熊本地震の復旧復興支援を行っているKVOAD(くまもと災害ボランティア団体ネットワーク)樋口務さん。
今回の熊本水害に関しても行政民間をつなぐ中間支援としての役割を果たしている。樋口さんからは、地域内支援団体や行政、社協の動向や地域外支援者の受入などについての報告がなされた。
被災地情報共有・課題検討の場として熊本地震以降継続して開催されている《火の国会議》そこに参加している地域内の支援団体が連携して熊本水害への対応や行政・社協との支援調整も行っている。
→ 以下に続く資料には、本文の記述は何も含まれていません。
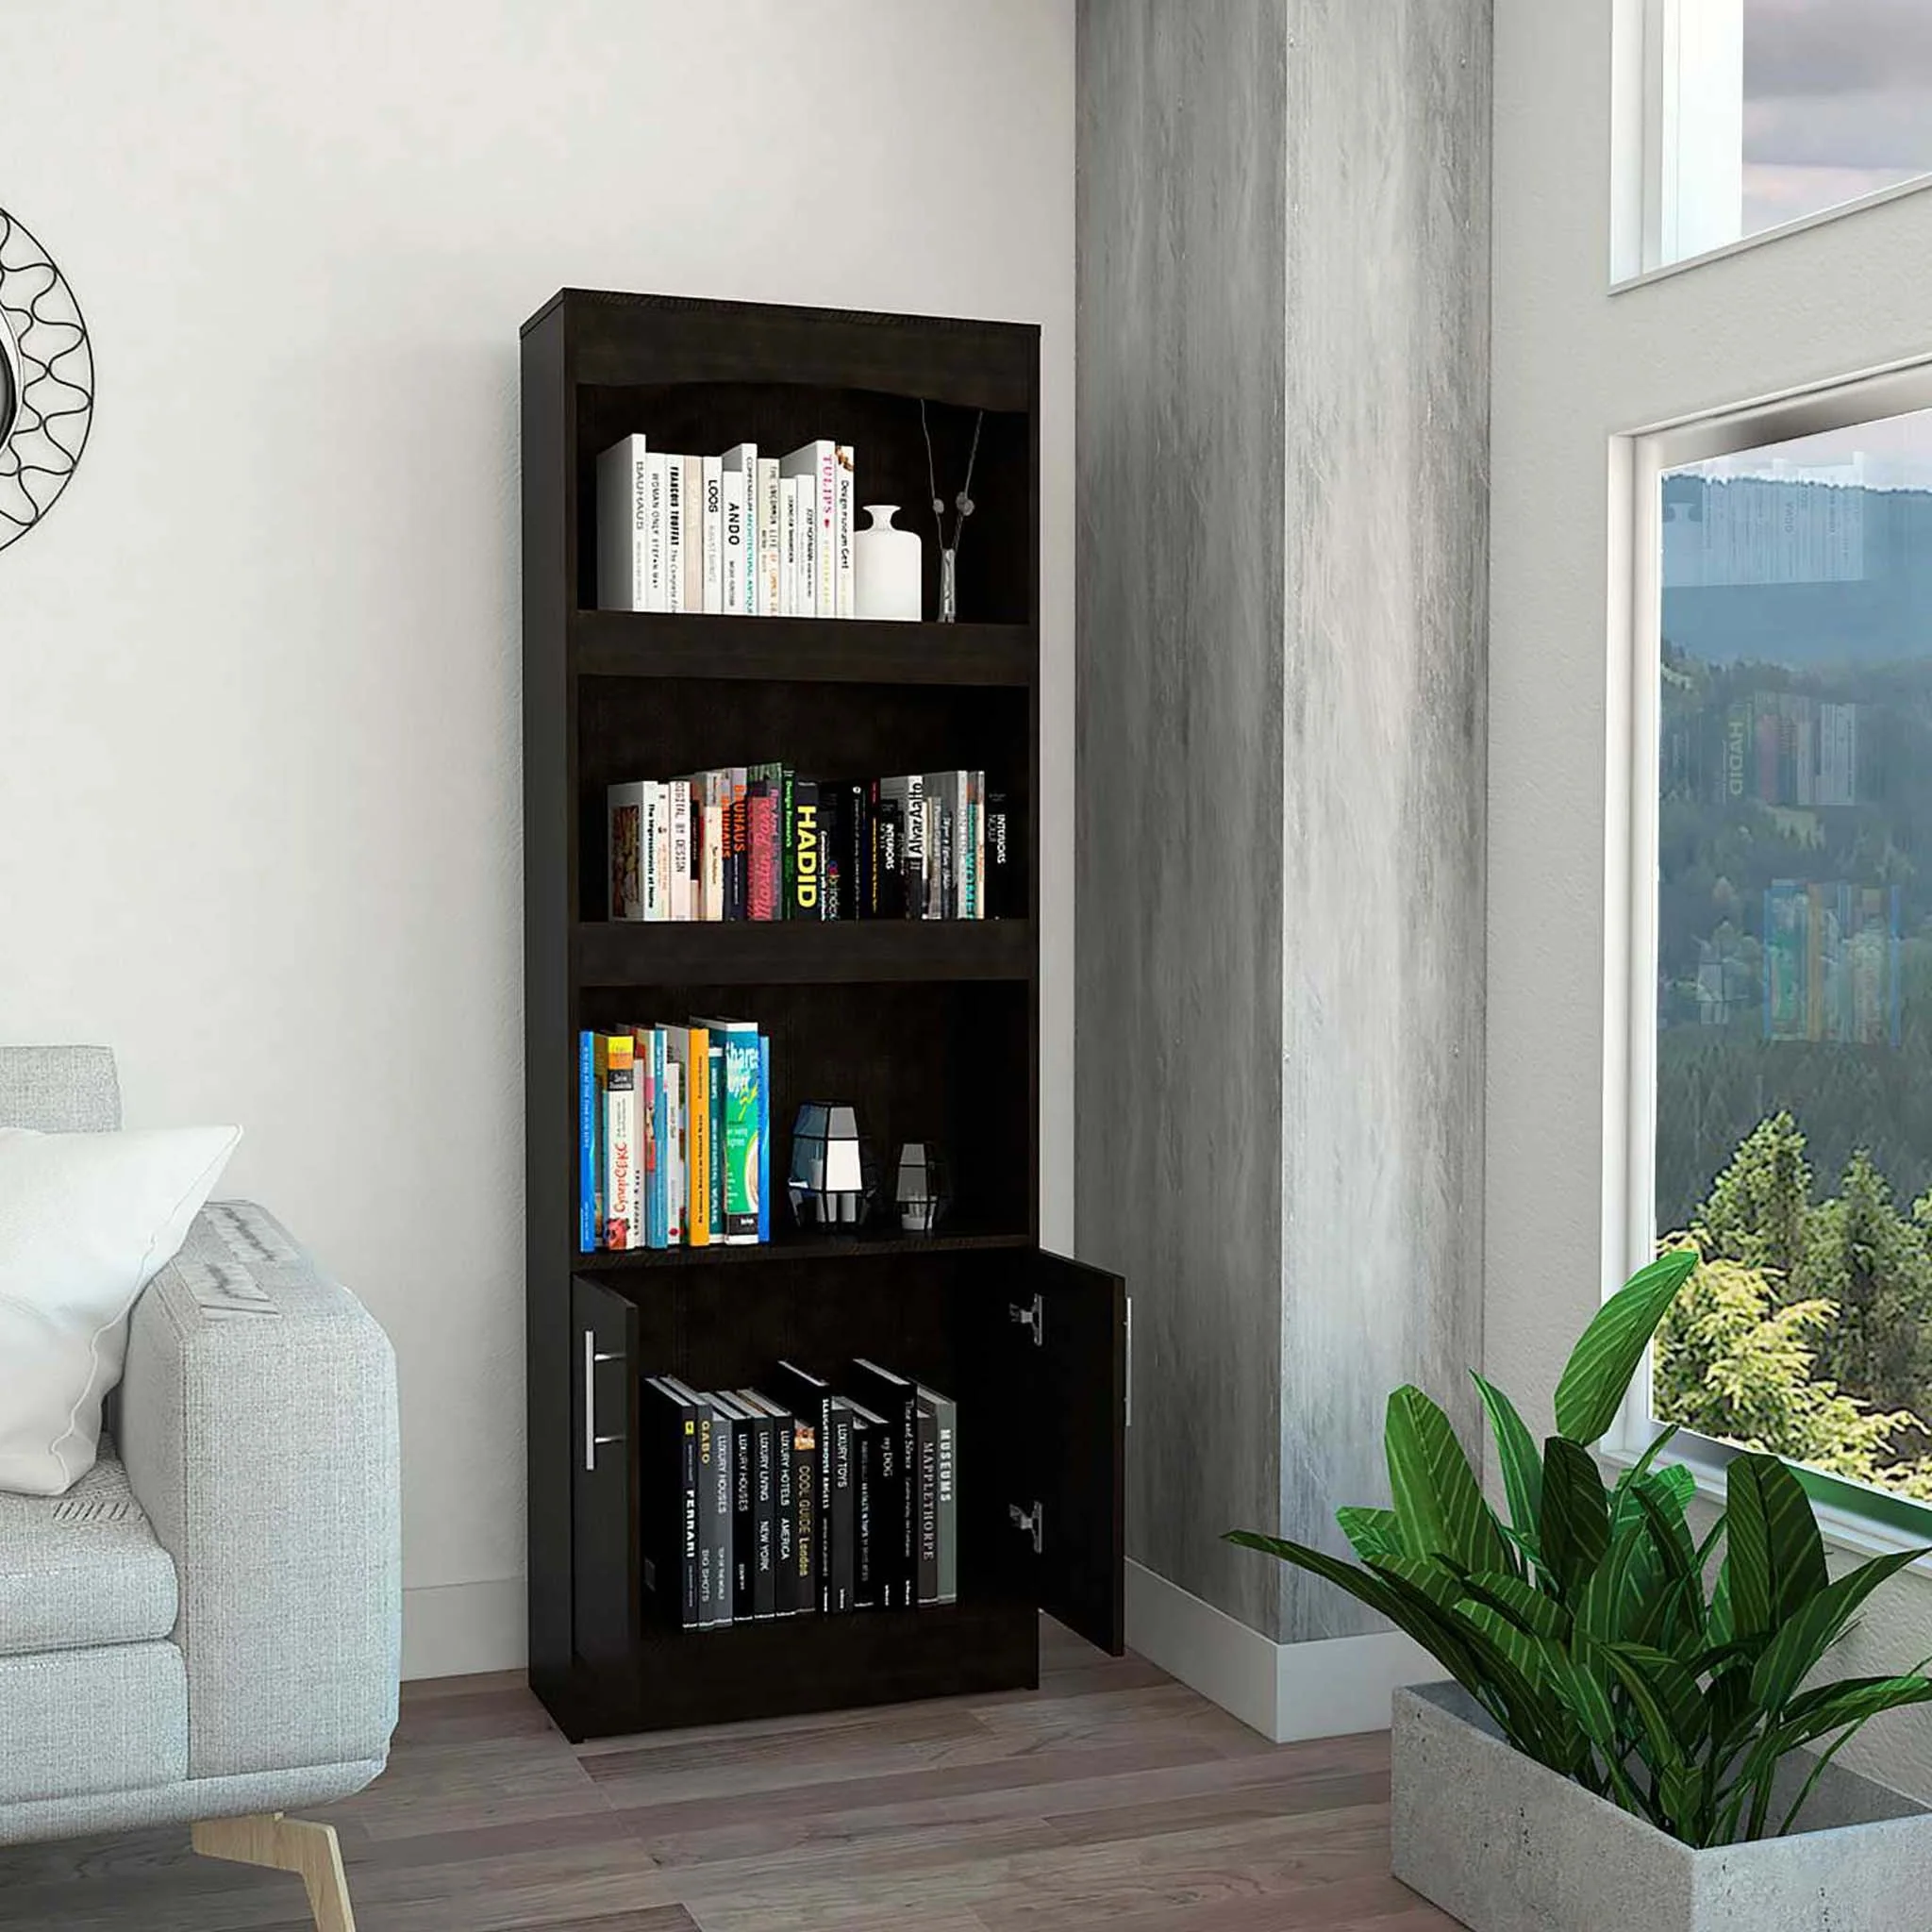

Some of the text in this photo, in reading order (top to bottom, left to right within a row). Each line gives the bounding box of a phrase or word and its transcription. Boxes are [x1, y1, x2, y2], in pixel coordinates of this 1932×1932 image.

コロナ禍での地域外からの支援者(ボランティア)受入について住民の皆さんからの聞き取りやアンケートを実施して、その意思を支援活動に反映させている。
その一方で、支援者側の判断のみで被災地入りする団体も。。。。
支援活動での感染拡大が最も懸念される事態であり、また、支援活動で訪れた熊本から感染を持ち帰る可能性もあり、いずれにしても不孝なことになる。。と樋口さんは語っていました。
今後被災地に必要な支援
全国の支援と被災地の状況をつなぎ後方支援を行っている熊本YMCA本部の神保勝己さん
神保さんからは、今後必要になる被災地支援についての話題提供がありました。家屋の片付けや仮設住宅での生活支援は当然ながら、子供たちへの学習支援、心のケア等に加えて、就学のための奨学金など、継続的な資金支援が必要になるとの見通しが示された。
まとめ
新型コロナウイルス感染症に対して、明確な治療法が確立されていない現状では、これを一過性の事として捉えることは出来ず、もしかしたら今年がコロナ元年で、2年、3年と続くのかもしれない。そうYMCAせとうちの太田さんはおっしゃいます。
たまたま今回は熊本だったけれど、つぎは。。。
いずれにしろ今回のような事態を他人事としてではなく、自分事として捉えることの重要性をきちんと理解し《離れていても繋がっている》という市民意識を高めていかなければならない。と結びました。
YMCAせとうちYoutubeアーカイブ
これまでの大規模災害では《離れていても出来る支援とは》というテーマで議論されることが多かったけれど、今回のように《離れた場所からしか支援できない》と言う状況を考える機会はほとんどありませんでした。
全てのボランティアがそうではありませんが《来るなと言われても、そこに困っている人がいたら行くのがボランティアだ》とおっしゃる方がいるのも事実。
人によって被災地、被災者、切り口は様々ですから一概に否定をするものでも無いし、そもそも被災地に100%全ての人が納得する答えなんてものが無いのもまた真理だと思います。
でも、この機会に一度立ち止まって《被災地支援・被災者支援》のあり方を考えてみてはどうだろう。そういった示唆が今回のトークイベントで示されたように感じました。